Asphyxiation of above hindrances will result in developing oral formulation of phage cocktail preparation. Another glitch in oral administration would be to withstand gastric acidity. Gastric pH is known to vary between 4 and 6.5 [19]. Most of the phages are known to lose their activity as a consequence of this pH range [20] and thus staunching the desired upshot (either lytic phage mediated elimination or establishment of engineered phage-mediated lysogeny). Yet this can be overcome either by microencapsulation for acid protection or by co-administration of antacids [21]. Oral microencapsulation has been experimented in animals and has been recorded to be efficient [22] but might work out to be expensive. Coadministration of antacids, though hypothetically sound, requires reliable evidence and documentation for implementation.

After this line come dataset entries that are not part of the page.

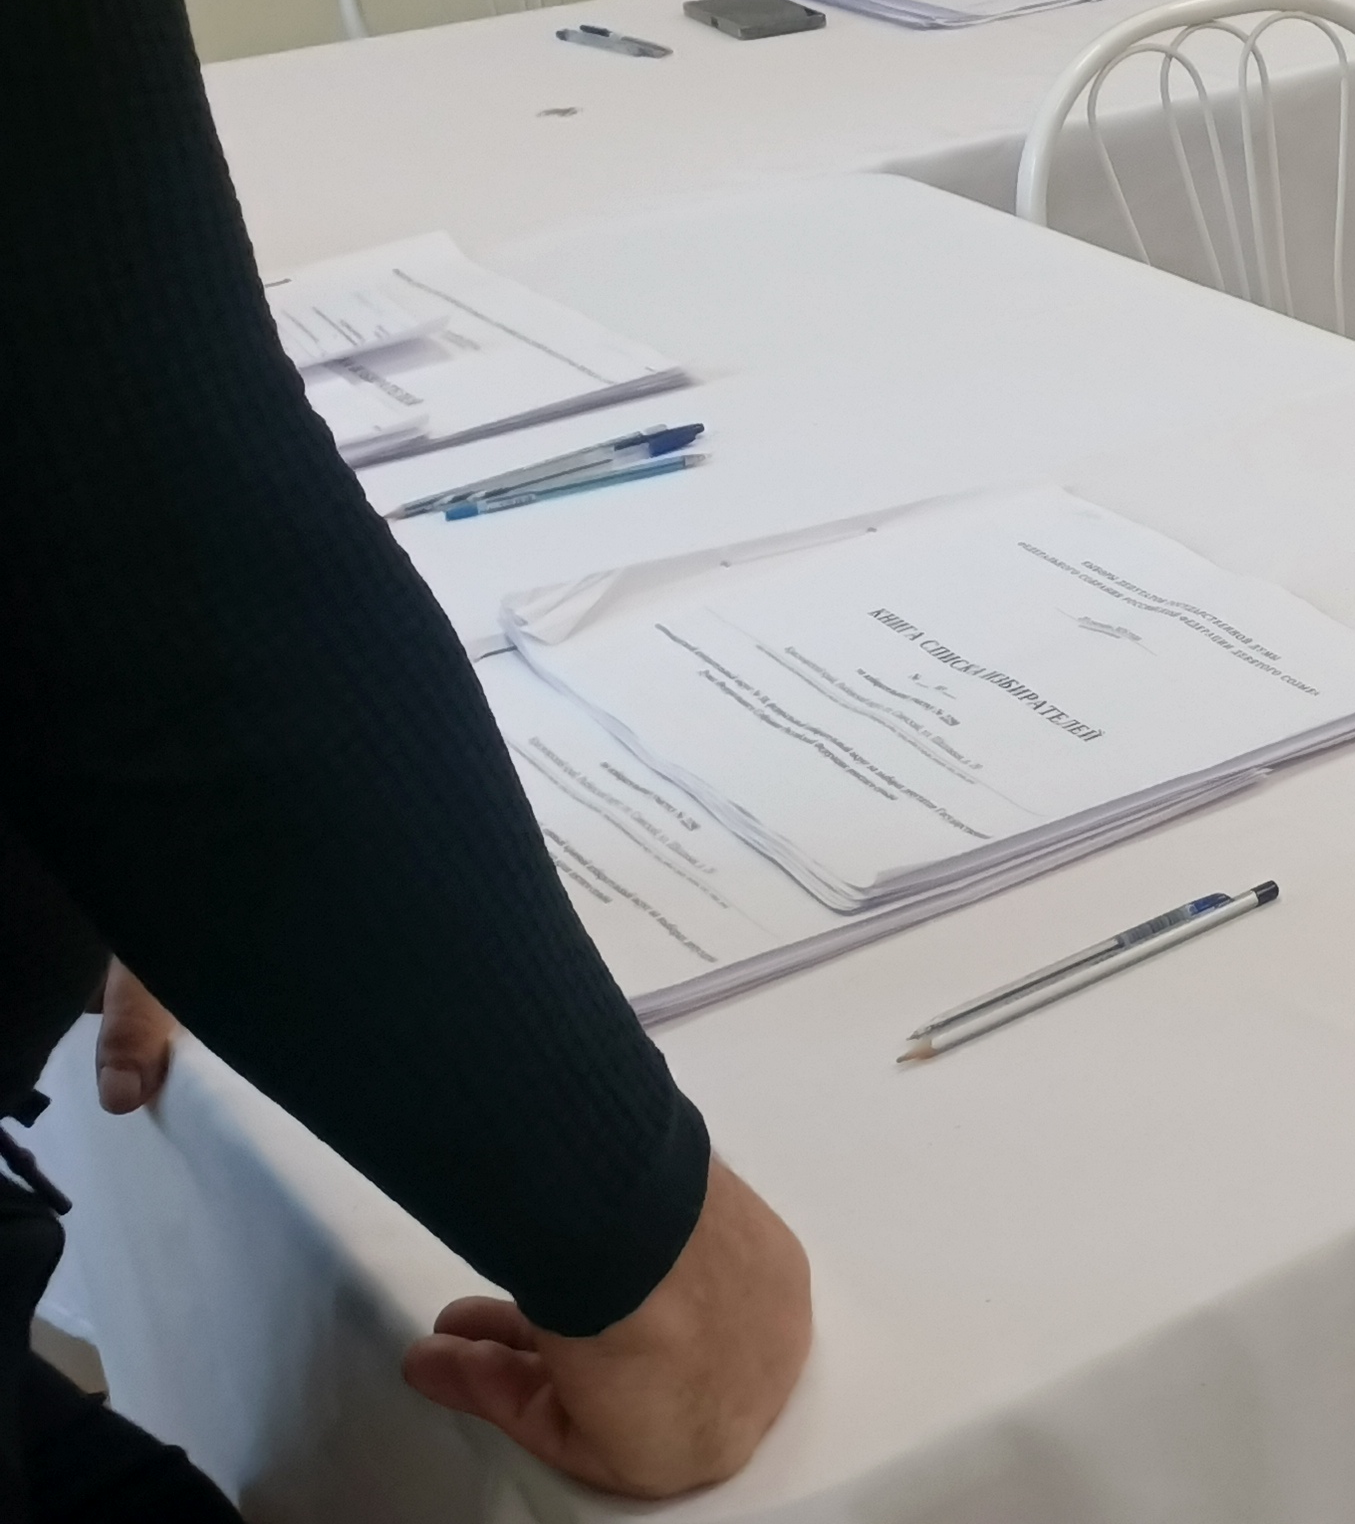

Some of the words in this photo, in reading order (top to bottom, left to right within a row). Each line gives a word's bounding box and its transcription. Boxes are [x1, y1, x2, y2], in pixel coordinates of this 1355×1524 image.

[867, 607, 925, 642] КНИГА
[919, 638, 987, 677] СПИСКА
[979, 669, 1106, 743] ИЗБИРАТЕЛЕЙ
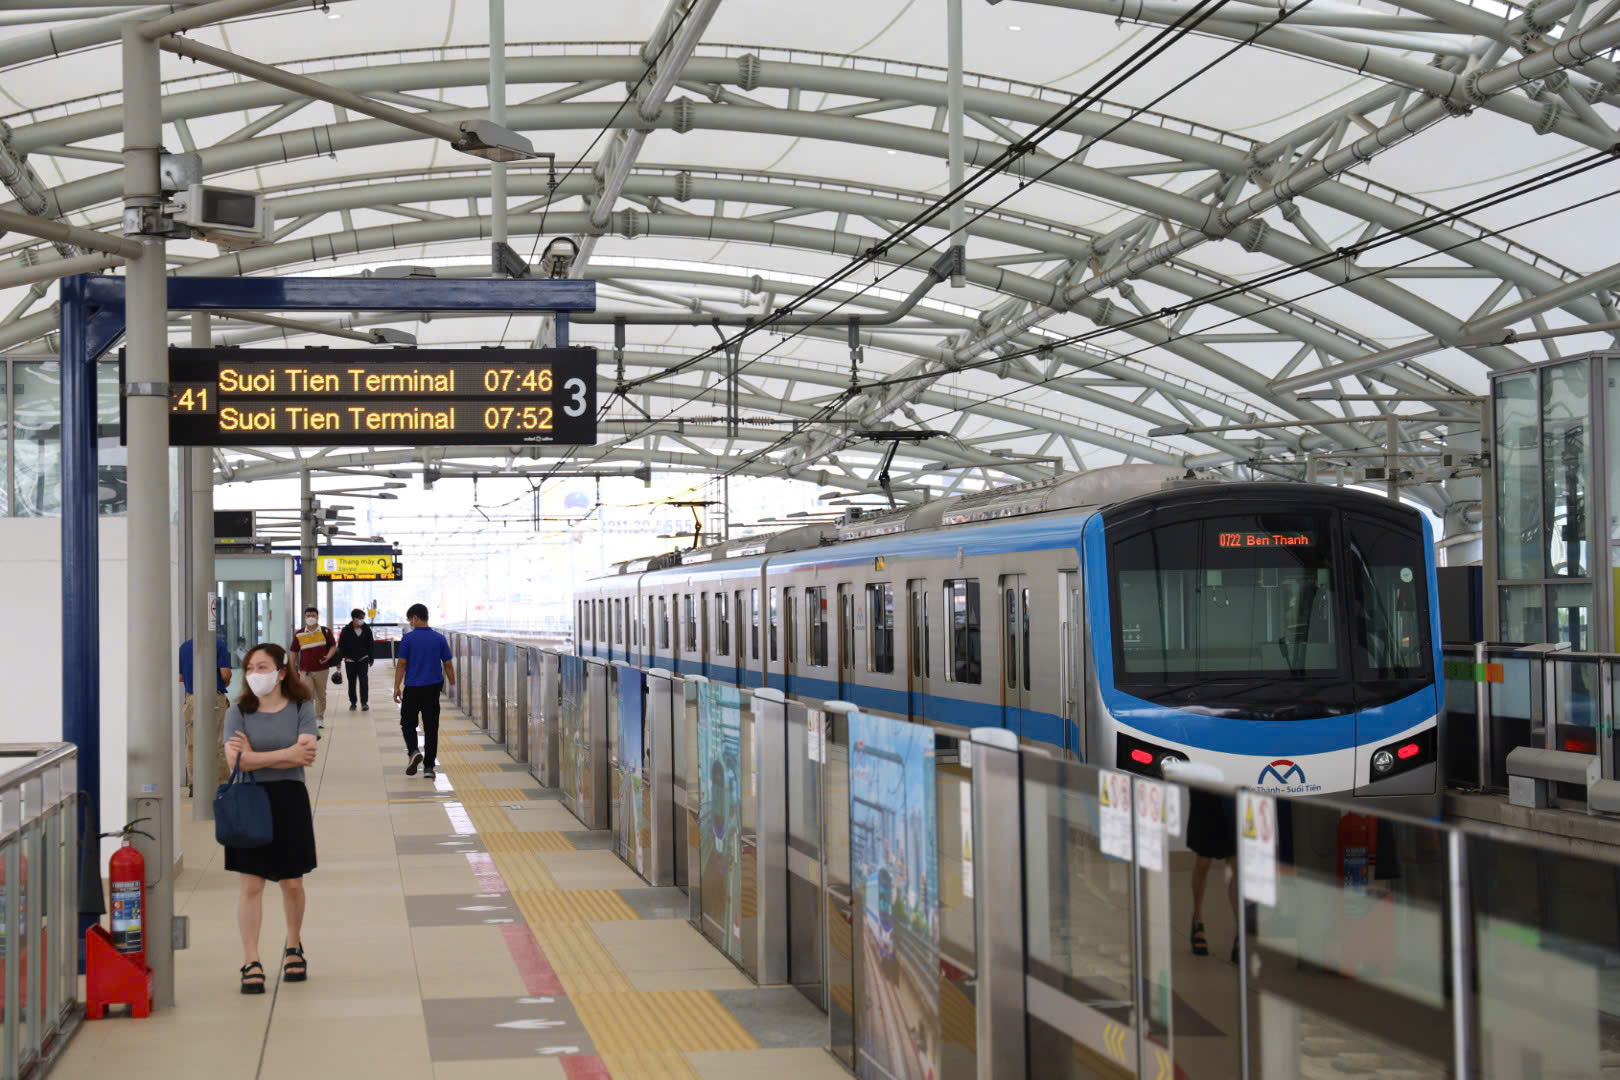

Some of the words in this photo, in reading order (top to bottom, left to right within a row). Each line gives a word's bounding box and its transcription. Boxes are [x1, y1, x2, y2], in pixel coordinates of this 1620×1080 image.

[219, 368, 275, 392] Suoi
[285, 368, 340, 392] Tien
[348, 368, 455, 392] Terminal
[483, 368, 553, 392] 07:46
[172, 387, 208, 411] :41
[563, 377, 587, 418] 3
[219, 407, 275, 431] Suoi
[285, 407, 340, 431] Tien
[348, 407, 455, 431] Terminal
[484, 407, 553, 430] 07:52
[1219, 533, 1242, 547] 0722
[1246, 534, 1270, 546] Ben
[1272, 534, 1309, 545] Thanh
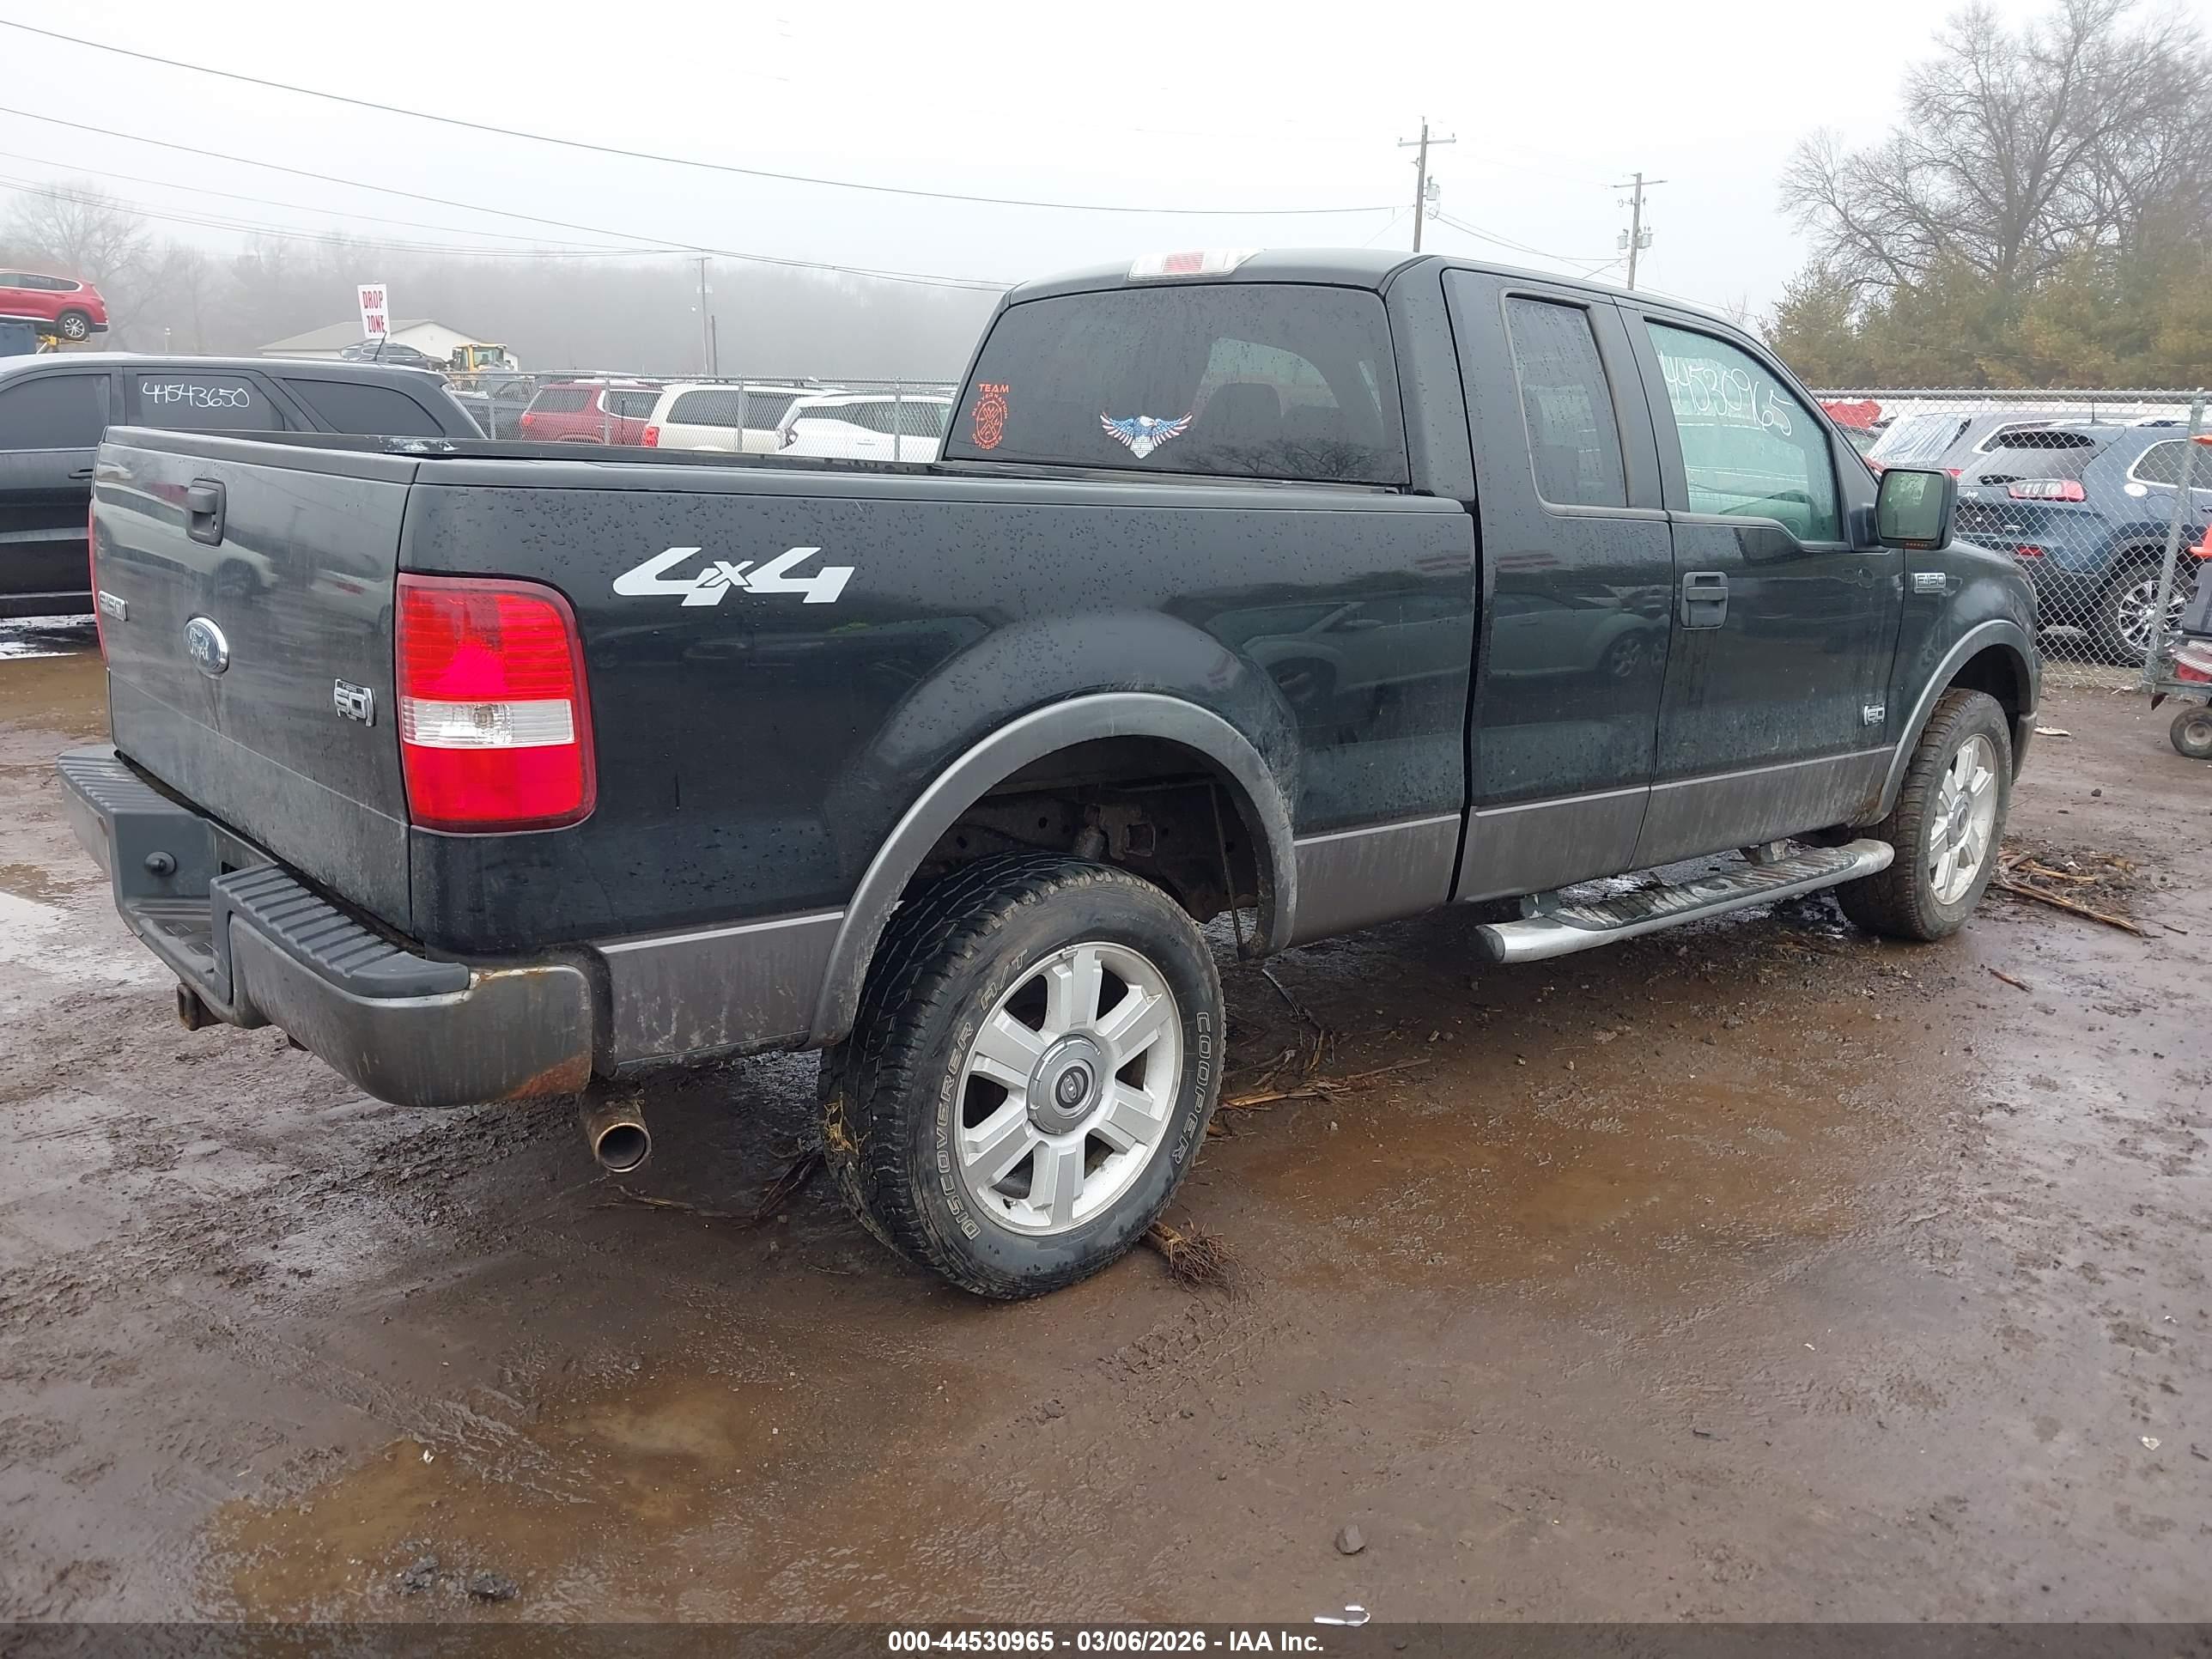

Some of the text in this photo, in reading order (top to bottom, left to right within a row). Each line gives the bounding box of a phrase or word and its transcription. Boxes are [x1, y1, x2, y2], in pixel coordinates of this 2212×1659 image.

[362, 290, 383, 309] DROP
[367, 314, 386, 333] ZONE
[143, 382, 250, 408] 44543650
[979, 384, 1010, 393] TEAM
[1658, 349, 1795, 437] 44530965
[981, 949, 1028, 1011] A/T
[1172, 1012, 1212, 1164] COOPER
[936, 1022, 981, 1240] DISCOVERER

Table 1

S. No Challenges Encountered in Instigation and Utilization of Gut Microbiome Manipulation Strategies for Strengthening Gut Integrity of Infants
1 Spontaneous emergence of bacterial resistance to bacteriophage Infection
2 Inaccessibility of phages to all niches of habitation of pathogenic bacterial clones that were desired for absolute elimination
3 Deficiency of prescribed techniques to engineer bacteriophages so as to tune the gut microbiota accordingly
4 Non availability of tools to ascertain and validate pharmacological (pharmacokinetic and pharmacodynamics) characters of bacteriophage mixtures
5 Knowledge gap in understanding the complete set physiological, metabolic and immunological interactions within the gut microbial ecosystem and with the host immune system
6 Lack of evidences that demonstrate the superiority of bacteriophagebased approaches over the reforms that are already under practice

Table 1: Challenges Encountered in Instigation and Utilization of Gut Microbiome Manipulation Strategies for Strengthening Gut Integrity of Infants1

Challenges encountered in instigation and utilization of gut microbiome manipulation strategies for strengthening gut integrity of infants

Spontaneous emergence of bacterial resistance to bacteriophage infection

Inaccessibility of phages to all niches of habitation of pathogenic bacterial clones that were desired for absolute elimination

Deficiency of prescribed techniques to engineer bacteriophages so as to tune the gut micro biota accordingly

Non availability of tools to ascertain and validate pharmacological (pharmacokinetic and pharmacodynamics) characters of bacteriophage mixtures

Knowledge gap in understanding the complete set physiological, metabolic and immunological interactions within the gut microbial ecosystem and with the host immune system

Lack of evidences that demonstrate the superiority of bacteriophage-based approaches over the reforms that are already under practice

Conclusions

The strategy of microbiome manipulation using bacteriophages is a promising unique technology to promote gut health in new born and infants. They also possess an inordinate prospect in enhancing the quality of adulthood living by establishing and conserving the stable ecosystem of gut physiology. The instinctive or innate virtue of dual mode of survival of the bacteriophages poses immense potential in manipulating and fostering gut health. Building or designing animal or computational models to elucidate the pharmacological properties of phage therapeutics and filling the knowledge gaps to unravel the integrity of complex gut microbial community to throw light on desired persuasions would be the valuable initial phases of progress in the furtherance of this strategy.